━━ Available data ━━
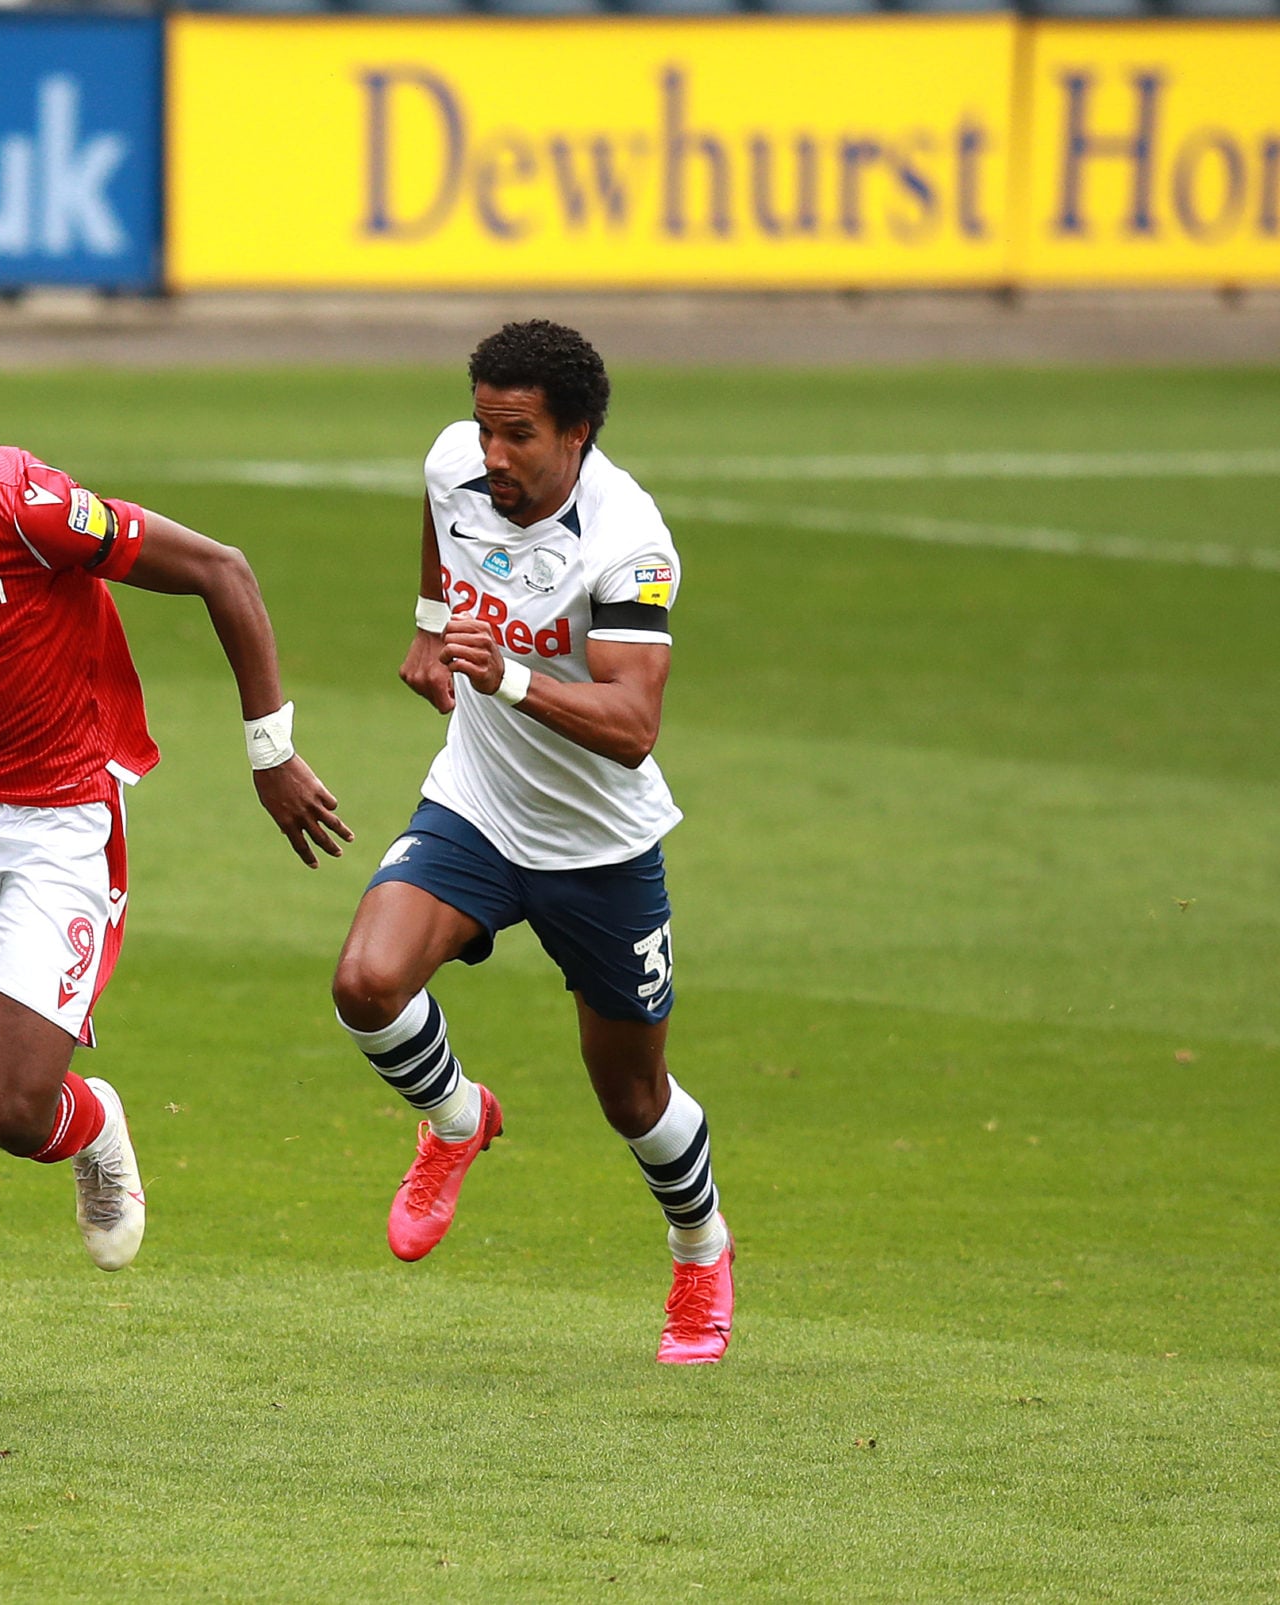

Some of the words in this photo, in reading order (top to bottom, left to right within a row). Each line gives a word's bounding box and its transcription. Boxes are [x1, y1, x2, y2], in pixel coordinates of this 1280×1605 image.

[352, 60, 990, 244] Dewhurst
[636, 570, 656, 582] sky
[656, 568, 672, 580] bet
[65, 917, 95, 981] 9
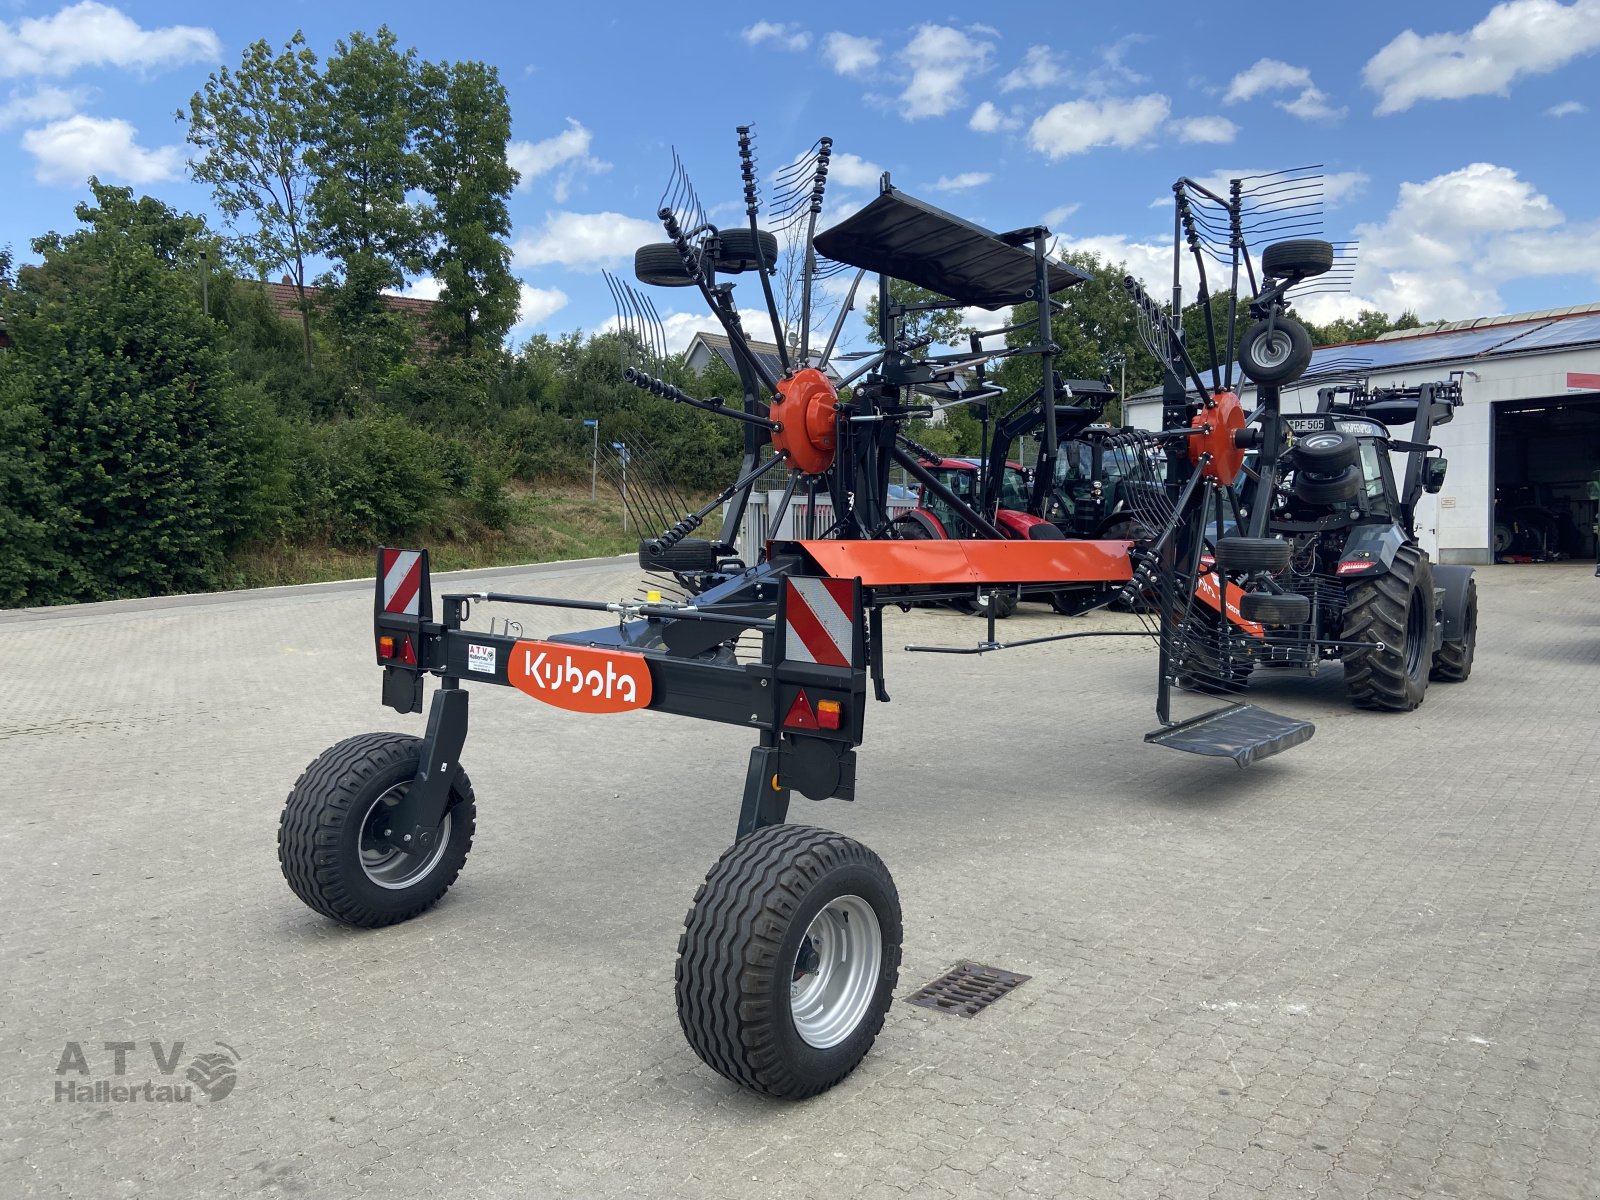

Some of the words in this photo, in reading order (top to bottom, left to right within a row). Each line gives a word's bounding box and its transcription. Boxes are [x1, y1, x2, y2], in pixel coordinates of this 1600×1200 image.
━━━
All records above must be output exactly as they stand, excluding pictures.

Some of the words in this photo, in reading order (top to bottom, left to right within a row). Each line gives a word's bounding box and its transcription. Boxes are [x1, y1, x2, y2], in pixel coordinates of this 1280×1605 image.

[352, 60, 990, 244] Dewhurst
[636, 570, 656, 582] sky
[656, 568, 672, 580] bet
[65, 917, 95, 981] 9

Some of the words in this photo, in reading order (top to bottom, left to right within a row). Each line gives a word's bounding box and its transcription. Boxes are [x1, y1, x2, y2], in pixel coordinates of this 1600×1200 image.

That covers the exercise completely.